_TASK OBJECTIVE_.
Each record below gets repeated exactly, and pictures stay out of the copy.

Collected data
--------------------------------------------------

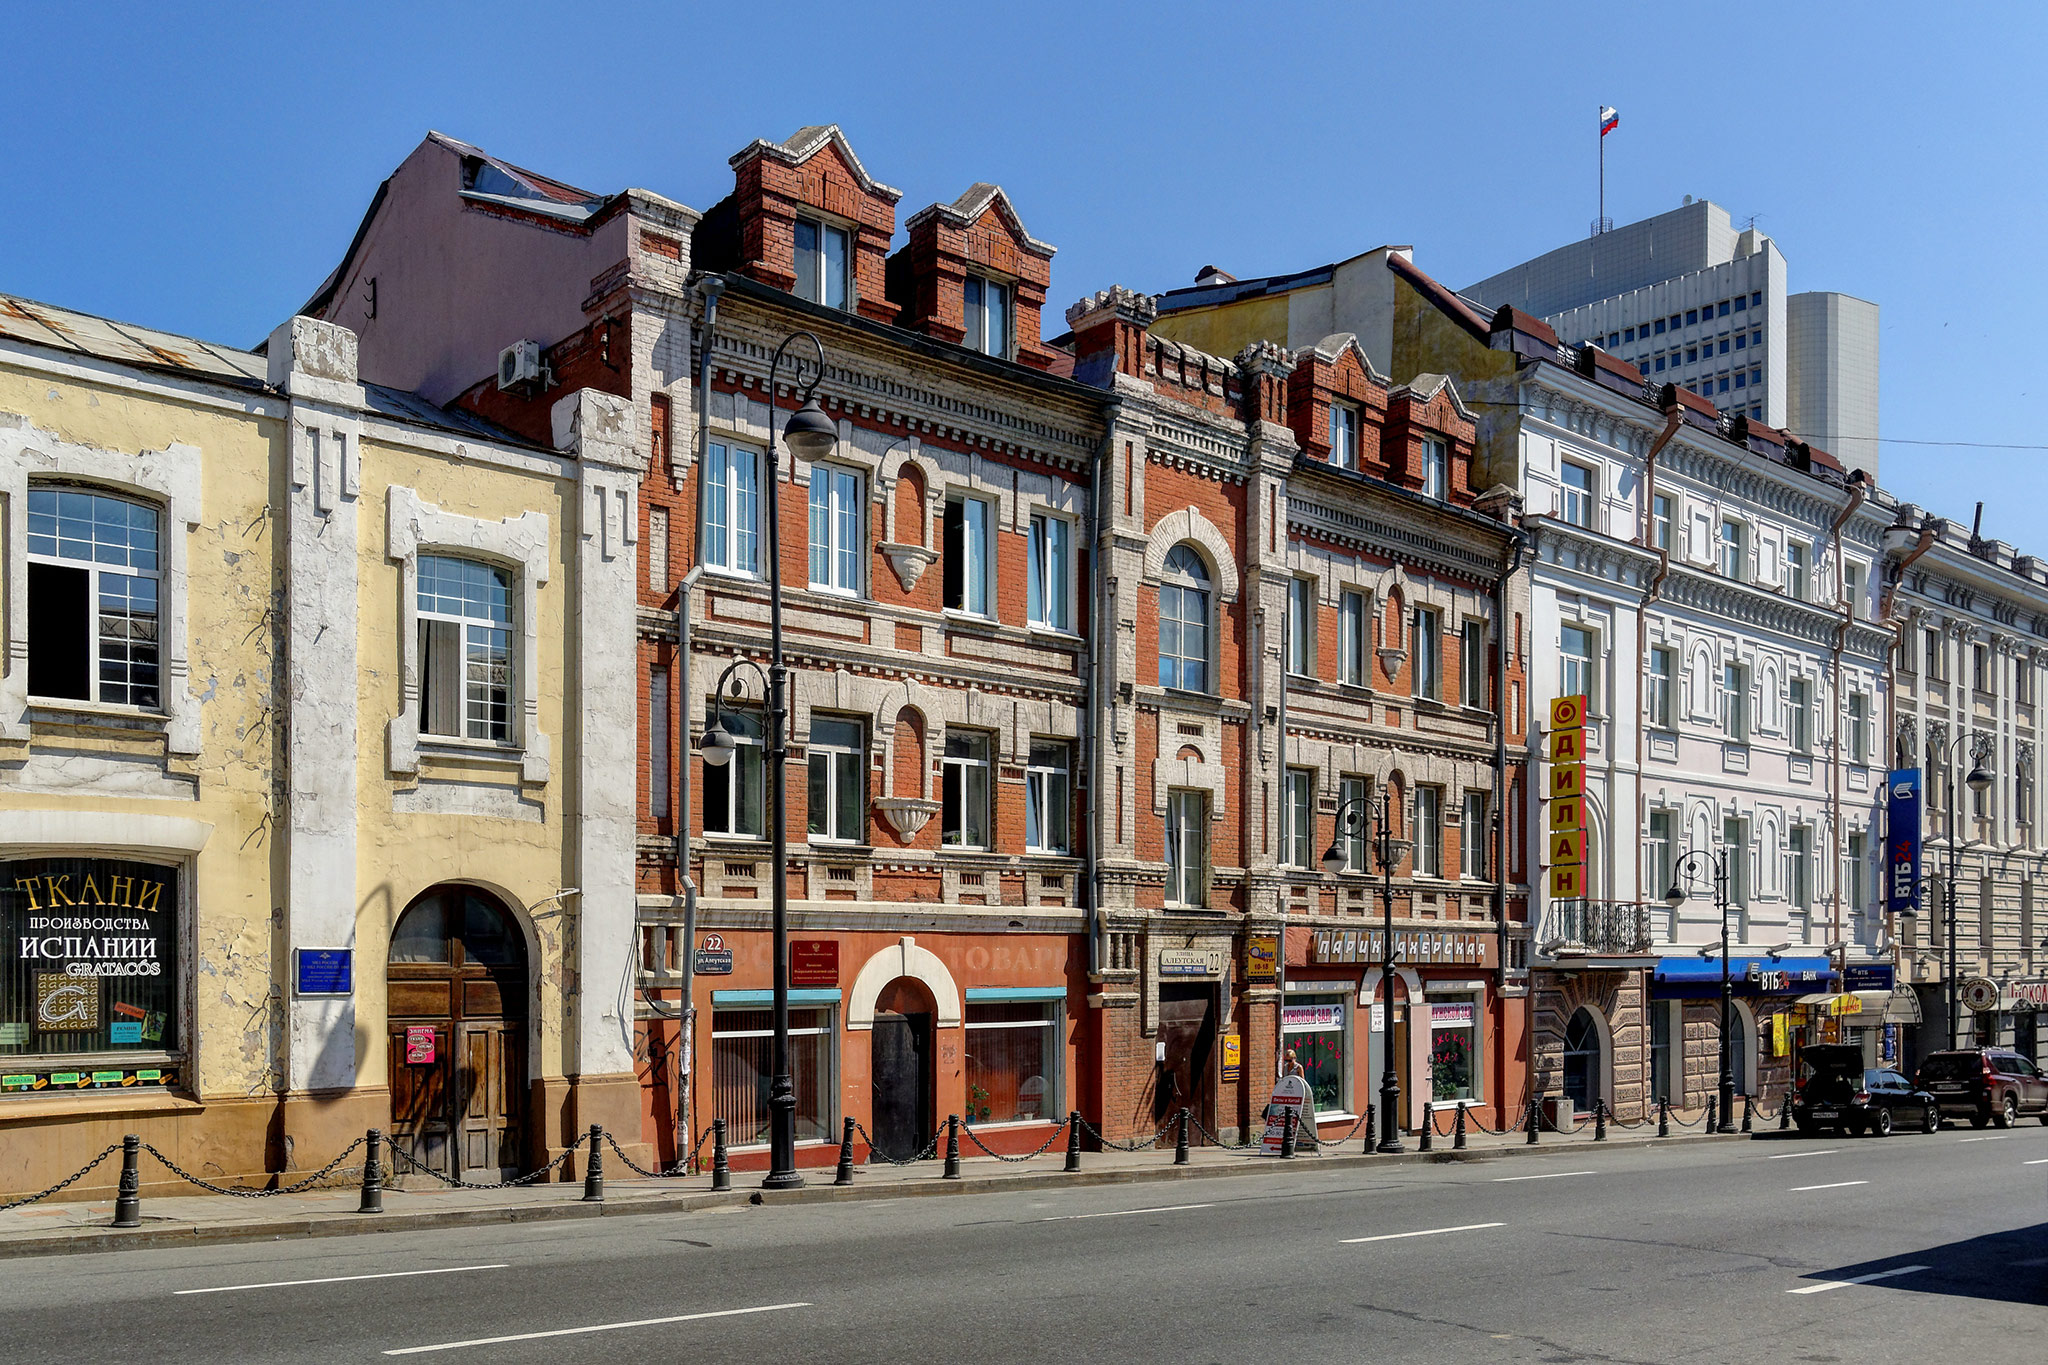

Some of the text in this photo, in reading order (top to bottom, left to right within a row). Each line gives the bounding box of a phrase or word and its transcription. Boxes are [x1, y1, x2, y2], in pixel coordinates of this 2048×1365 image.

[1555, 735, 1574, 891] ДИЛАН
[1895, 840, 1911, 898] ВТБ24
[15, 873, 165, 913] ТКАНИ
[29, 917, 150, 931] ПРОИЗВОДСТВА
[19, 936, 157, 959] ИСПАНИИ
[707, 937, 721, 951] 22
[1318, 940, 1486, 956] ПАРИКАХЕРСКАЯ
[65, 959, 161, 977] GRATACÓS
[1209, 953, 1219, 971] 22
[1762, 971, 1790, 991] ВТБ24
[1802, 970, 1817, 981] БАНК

--------------------------------------------------

_EXERCISE RESULT_.
Some of the text in this photo, in reading order (top to bottom, left to right within a row). Each line gives the bounding box of a phrase or word and its transcription. Boxes are [x1, y1, x2, y2], in pixel coordinates of this 2048×1365 image.

[1555, 735, 1574, 891] ДИЛАН
[1895, 840, 1911, 898] ВТБ24
[15, 873, 165, 913] ТКАНИ
[29, 917, 150, 931] ПРОИЗВОДСТВА
[19, 936, 157, 959] ИСПАНИИ
[707, 937, 721, 951] 22
[1318, 940, 1486, 956] ПАРИКАХЕРСКАЯ
[65, 959, 161, 977] GRATACÓS
[1209, 953, 1219, 971] 22
[1762, 971, 1790, 991] ВТБ24
[1802, 970, 1817, 981] БАНК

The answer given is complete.